═════ DATA FOR THIS EXERCISE
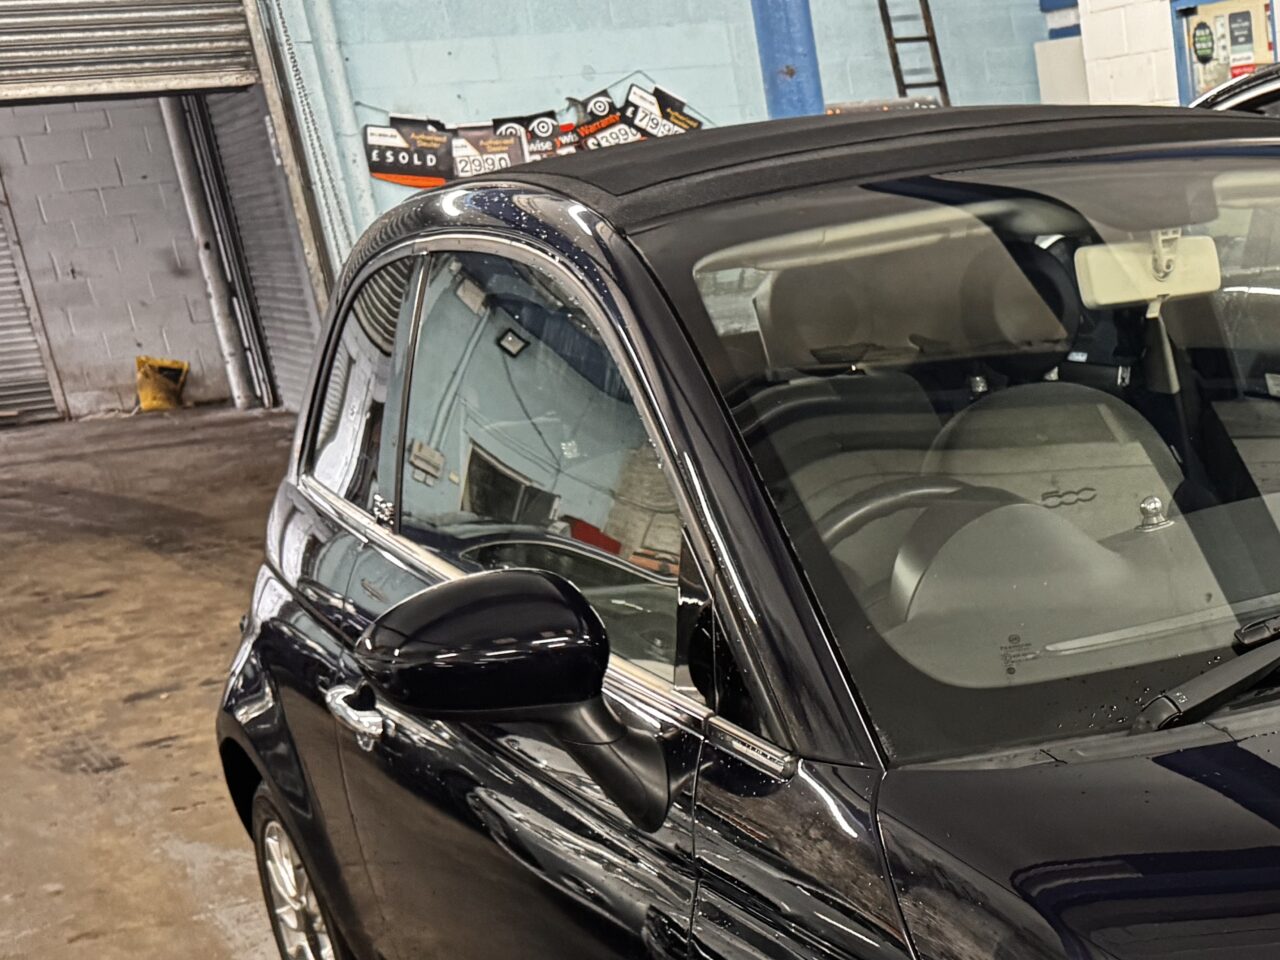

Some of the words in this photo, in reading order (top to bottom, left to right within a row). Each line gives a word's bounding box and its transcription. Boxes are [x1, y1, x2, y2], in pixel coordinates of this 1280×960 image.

[576, 112, 622, 137] Warranty
[385, 150, 437, 167] SOLD
[458, 156, 508, 173] 2990
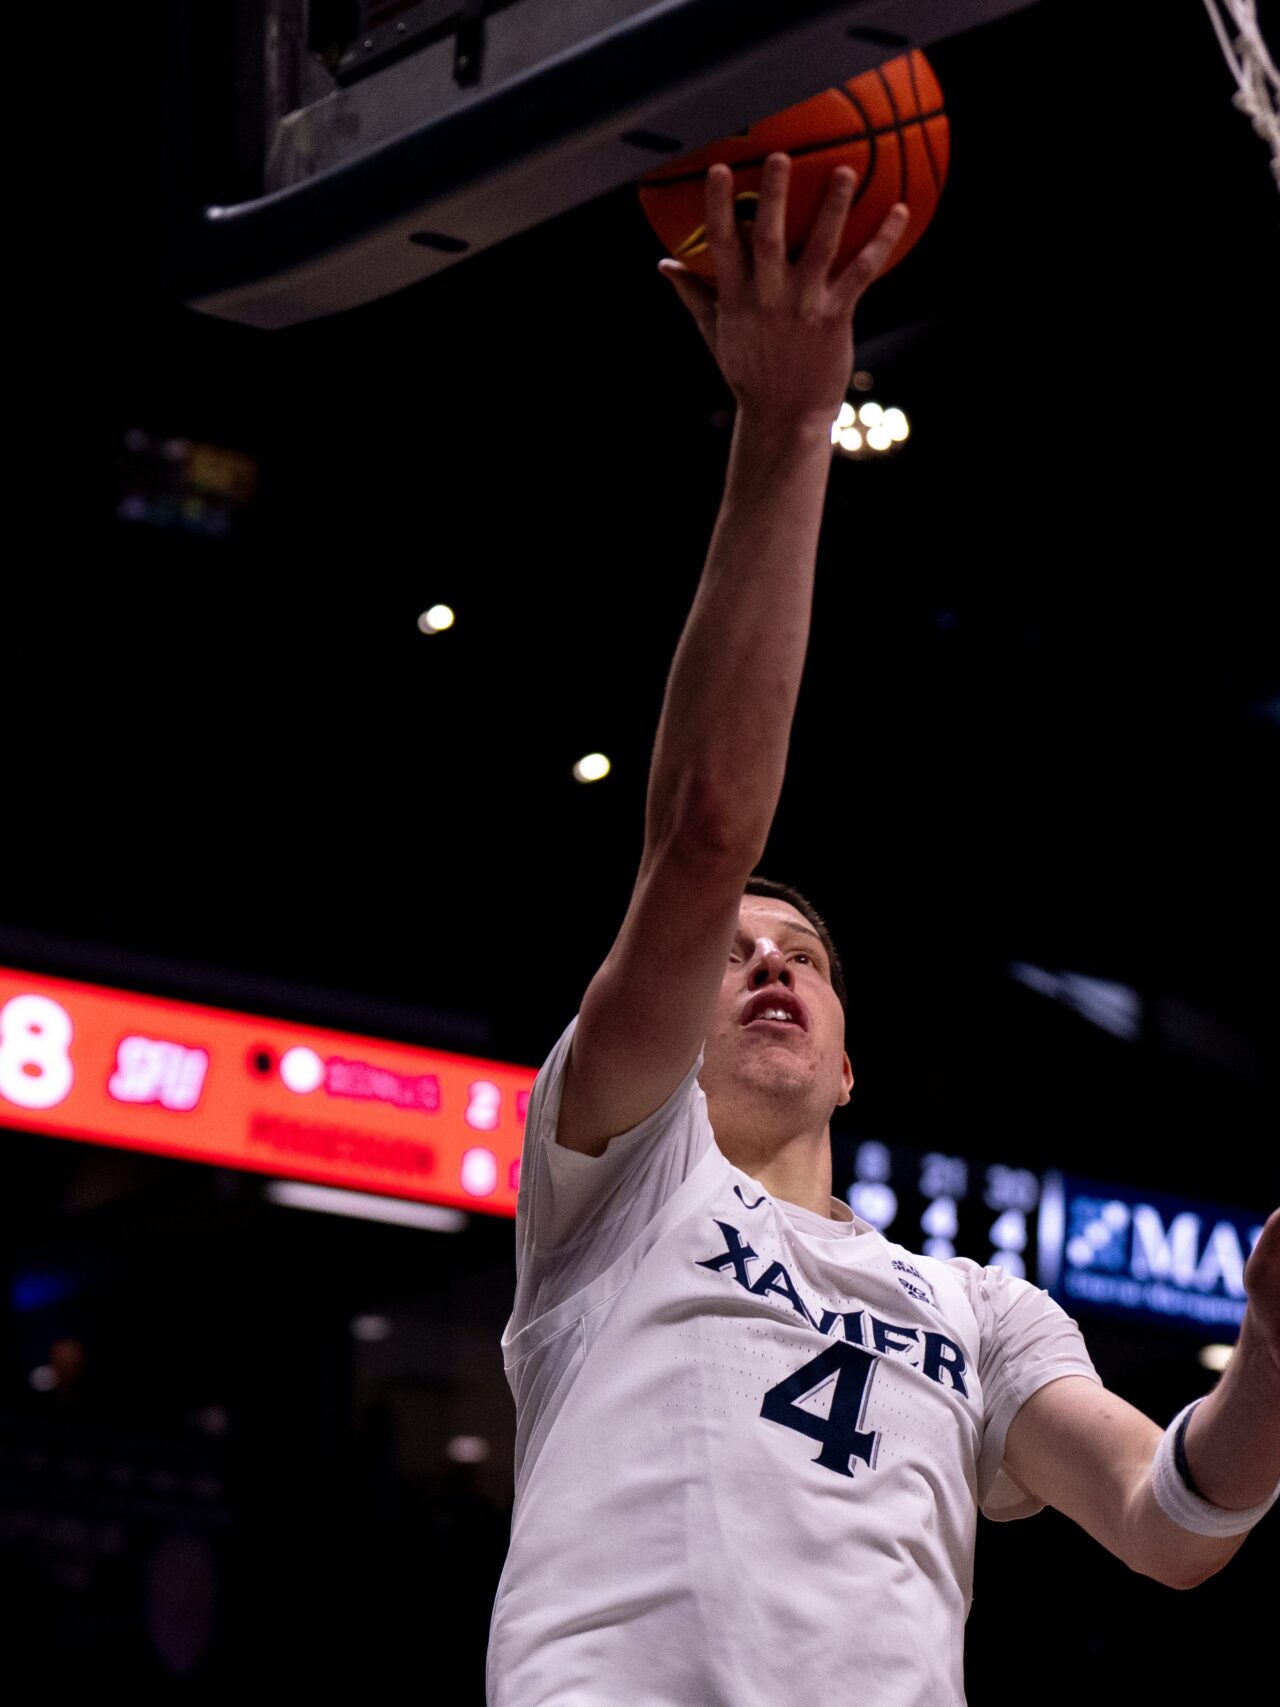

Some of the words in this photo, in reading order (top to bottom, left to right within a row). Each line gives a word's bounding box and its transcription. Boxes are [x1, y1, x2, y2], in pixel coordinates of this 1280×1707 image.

[0, 994, 74, 1110] 8
[695, 1219, 970, 1400] XAVIER
[1131, 1203, 1264, 1301] MA
[759, 1340, 883, 1479] 4
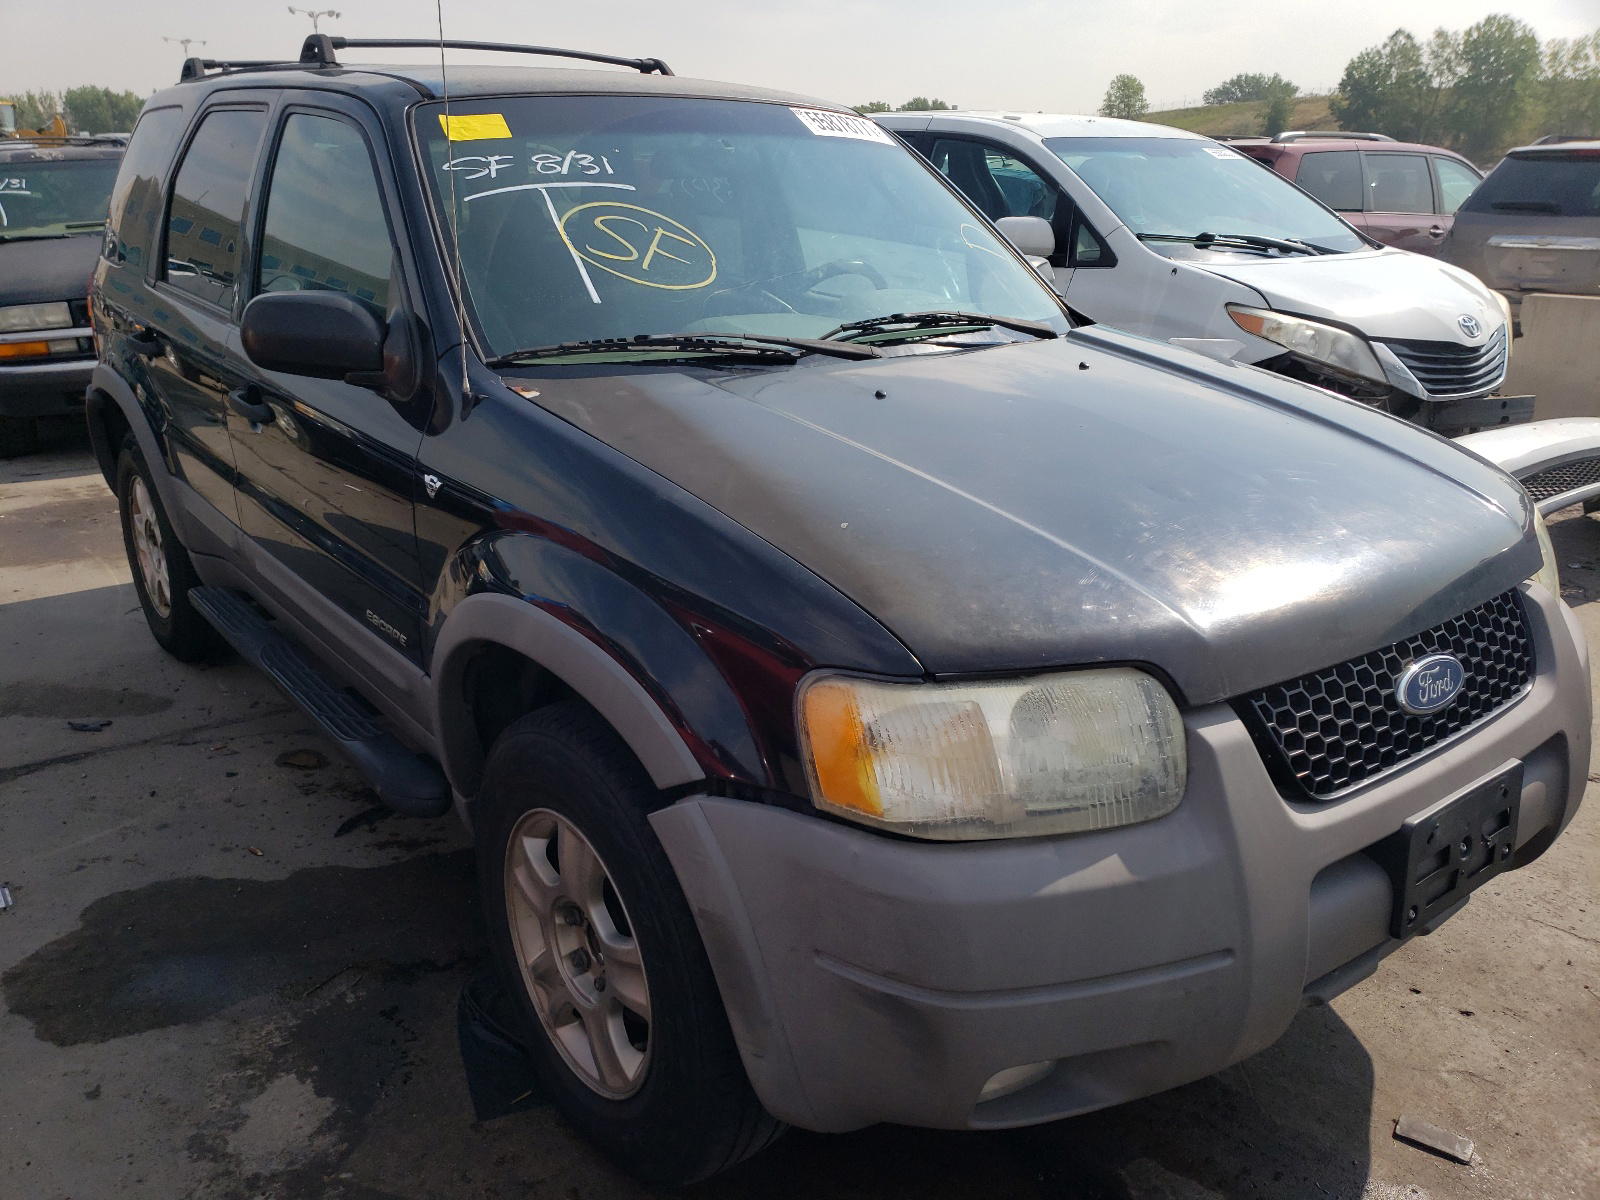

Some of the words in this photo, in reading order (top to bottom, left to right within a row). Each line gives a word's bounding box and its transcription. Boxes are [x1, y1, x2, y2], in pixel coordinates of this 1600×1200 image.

[442, 155, 516, 179] SF
[531, 149, 616, 175] 8/31
[586, 215, 697, 271] SF
[366, 608, 408, 647] ESCAPE
[1418, 665, 1454, 704] Ford
══════════
The records are to be retyped in full and exactly, with no image carried over.

## RESPONSE TO THE EXERCISE
Some of the words in this photo, in reading order (top to bottom, left to right within a row). Each line gives a word's bounding box and its transcription. Boxes are [x1, y1, x2, y2], in pixel coordinates of this 1280×960 image.

[576, 112, 622, 137] Warranty
[385, 150, 437, 167] SOLD
[458, 156, 508, 173] 2990

Some of the words in this photo, in reading order (top to bottom, left to right within a row). Each line gives a word's bounding box and its transcription. Boxes are [x1, y1, x2, y2], in pixel coordinates of this 1280×1707 image.

[0, 994, 74, 1110] 8
[695, 1219, 970, 1400] XAVIER
[1131, 1203, 1264, 1301] MA
[759, 1340, 883, 1479] 4

Some of the words in this photo, in reading order (top to bottom, left to right within a row). Each line gives a word's bounding box and its transcription. Boxes are [x1, y1, x2, y2], in pixel coordinates of this 1600×1200 image.

[442, 155, 516, 179] SF
[531, 149, 616, 175] 8/31
[586, 215, 697, 271] SF
[366, 608, 408, 647] ESCAPE
[1418, 665, 1454, 704] Ford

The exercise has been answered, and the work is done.